Note that when you have an array of indeterminate length where each element is itself an array that is two elements long, you can convert the outer array into a map object instead of just a plain object. e.g. const newMapObj = new Map([['a', 1], ['b', 2]]);. Entering that into a terminal and then checking console.log(newMapObj) produces the following: Map { 'a' => 1, 'b' => 2 }. In your example, you could do this with each of your two list elements/store items, i.e. you would end up with an array of 2 map objects.
Such map objects have some convenient features, such as get and has. Some people also find them frustrating because of e.g. a lack of some helpful methods used with, say, arrays, like, um, well, the map method. (Note that the map method on arrays and the map/Map data object type are two completely different things. I know, it's confusing.)
The code snippet below creates an array of such map objects, one for each outer array element (i.e. one for each store 'item'), with one simple line:
const newResult = list.map(a => new Map(a));
Unfortunately, at this point in time at least, the code snippet tool here on Stack Exchange doesn't allow us to simply show the map object using console.log the way you can with, say, a plain object or an array.
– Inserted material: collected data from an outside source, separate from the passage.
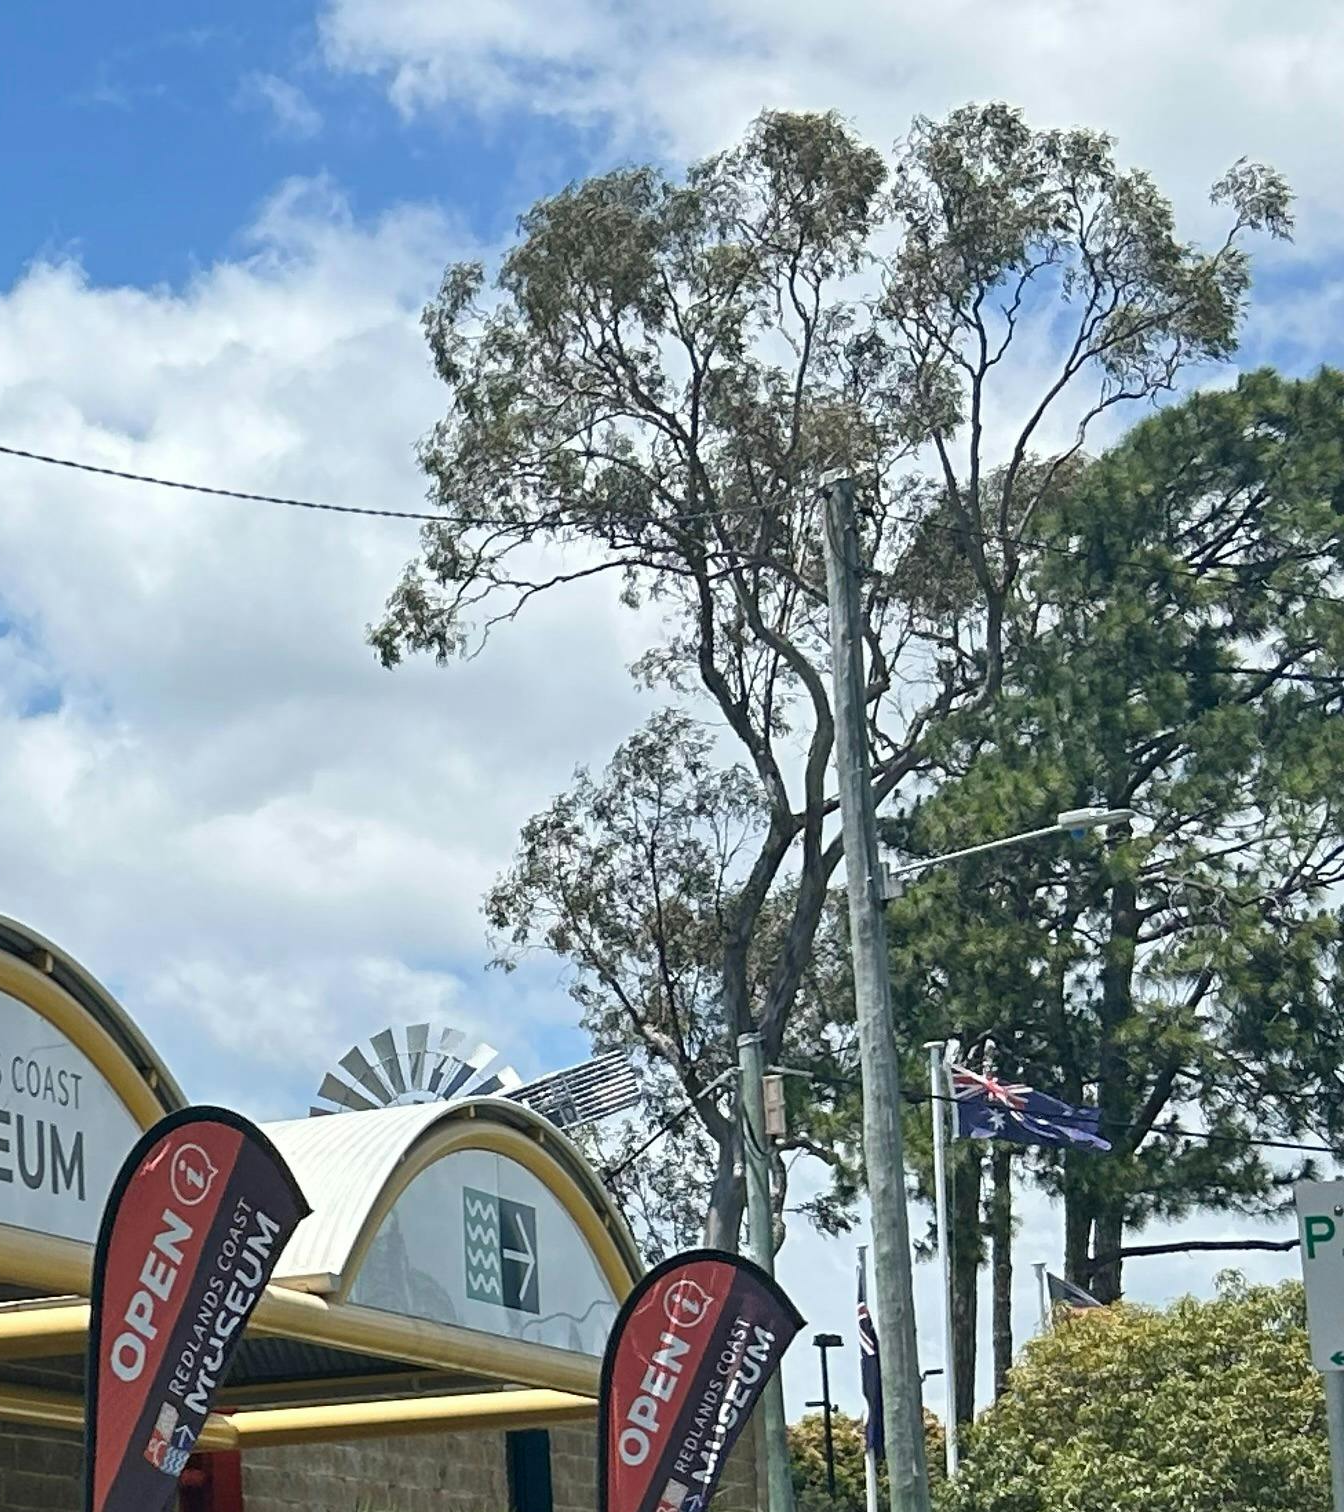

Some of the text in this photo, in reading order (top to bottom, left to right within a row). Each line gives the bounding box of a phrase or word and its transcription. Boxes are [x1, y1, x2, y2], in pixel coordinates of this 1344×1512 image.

[12, 1056, 82, 1109] COAST
[110, 1208, 194, 1383] OPEN
[168, 1197, 253, 1397] REDLANDS COAST
[1304, 1216, 1335, 1260] P
[618, 1331, 691, 1467] OPEN
[673, 1315, 752, 1474] REDLANDS COAST
As a 2nd best substitute, the code snippet below logs out some of the results of using the map objects, just to demonstrate that the map objects were in fact created.
When I do the same thing in a Mac terminal (i.e. define list as the nested arrays in your question and then calculate newResult as above), console.log(newResult) shows the following:
[ Map { 'itemCode' => 1, 'item' => 'Pen', 'cashier' => 'Sam' },
Map { 'itemCode' => 2, 'item' => 'Eraser', 'cashier' => 'Kim' } ]
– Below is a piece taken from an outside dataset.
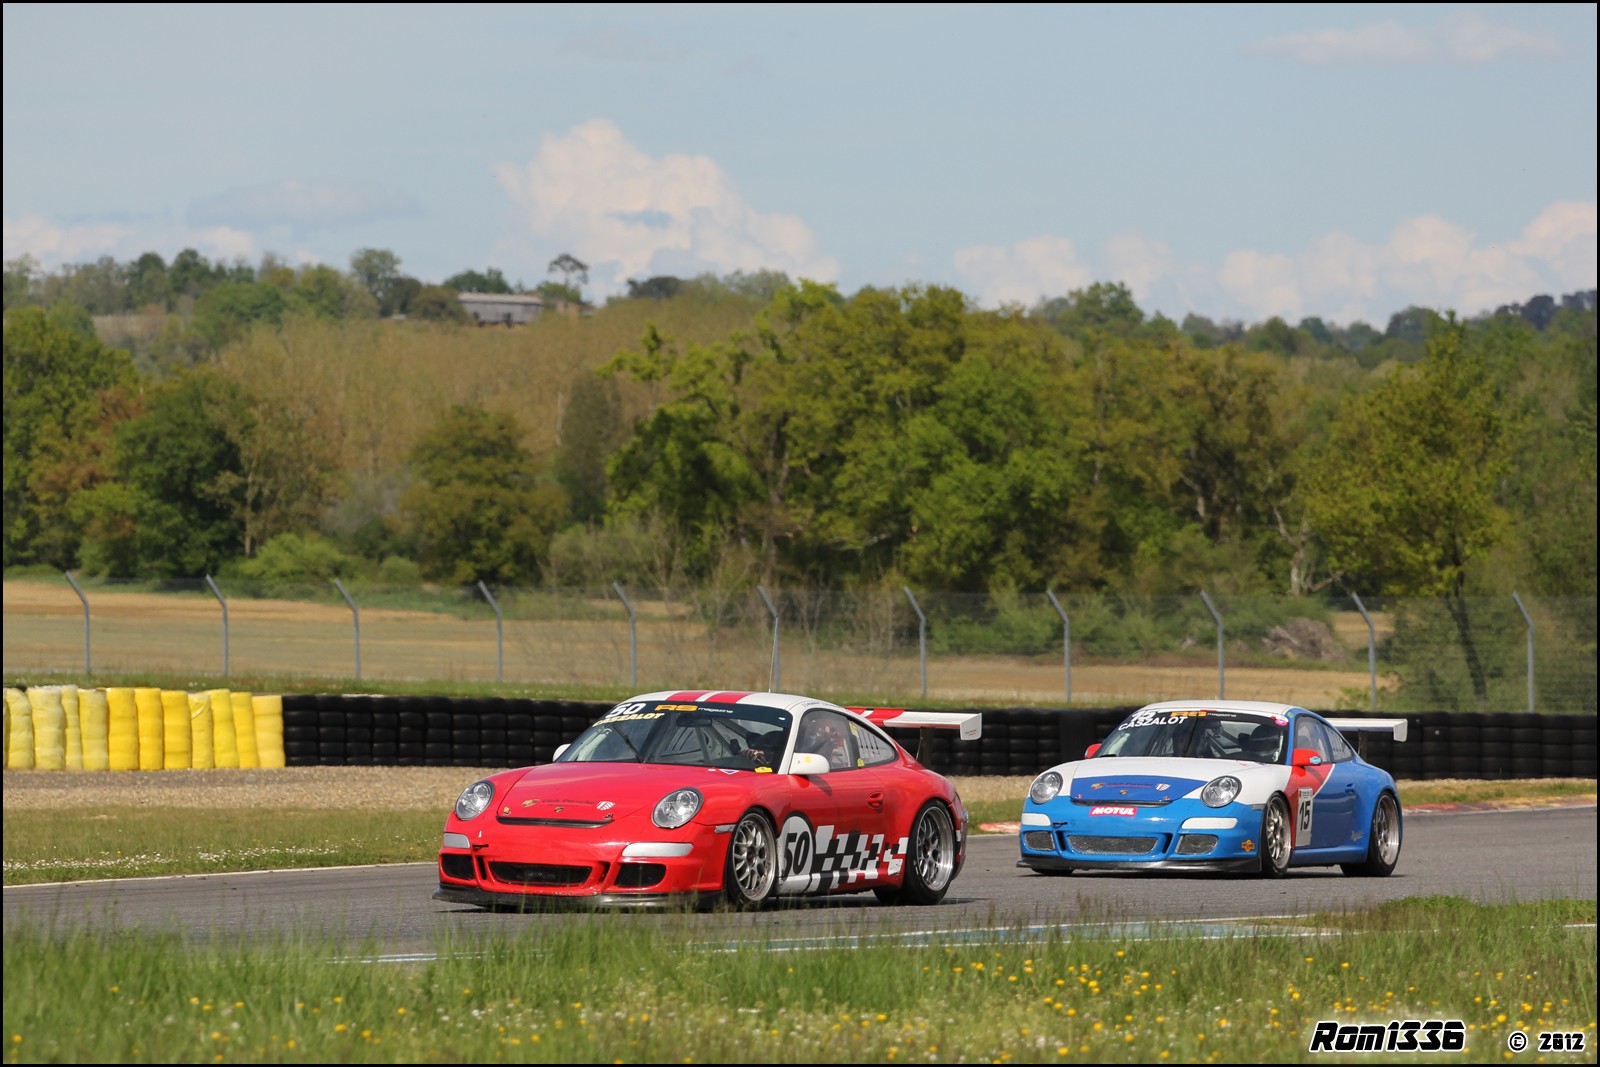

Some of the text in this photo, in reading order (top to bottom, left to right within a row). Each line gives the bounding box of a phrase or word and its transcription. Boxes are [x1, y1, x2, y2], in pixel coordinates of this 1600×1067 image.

In other words, it is an array of map objects instead of an array of objects.
If you're interested in this recent JavaScript feature, you should check out the MDN documentation on the Map data object.
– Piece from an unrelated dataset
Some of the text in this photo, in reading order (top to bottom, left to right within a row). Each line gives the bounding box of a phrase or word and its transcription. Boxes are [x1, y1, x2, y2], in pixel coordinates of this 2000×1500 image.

Whether you really want to use map objects or plain objects depends on your use case. The MDN documentation linked above has a short section to help you determine whether you want to use map objects or plain objects.
const list = [
[
['itemCode', 1],
['item', 'Pen'],
['cashier', 'Sam']
],
[
['itemCode', 2],
['item', 'Eraser'],
['cashier', 'Kim']
]
];
const newResult = list.map(a => new Map(a));
console.log('The name for the 1st item is:', newResult[0].get('item'));
console.log('The cashier for the 2nd item is:', newResult[1].get('cashier'));
You will have to use 2 dimensional array for that, first you have to create one for comlumn and second for row, in example i have shown in comulmn i have added the name, and in row i have added occupation, let's code :-
data = new Array(5)
info = [0] = new Array(2)
name [0][0] = "Tom"
occu [0][1] = "Worker"
info [1] = new Array(2)
name [1][0] = "Beryl"
occu [1][1] = "engineer"
info [2] = new Array(2)
name [2][0] = "Ann"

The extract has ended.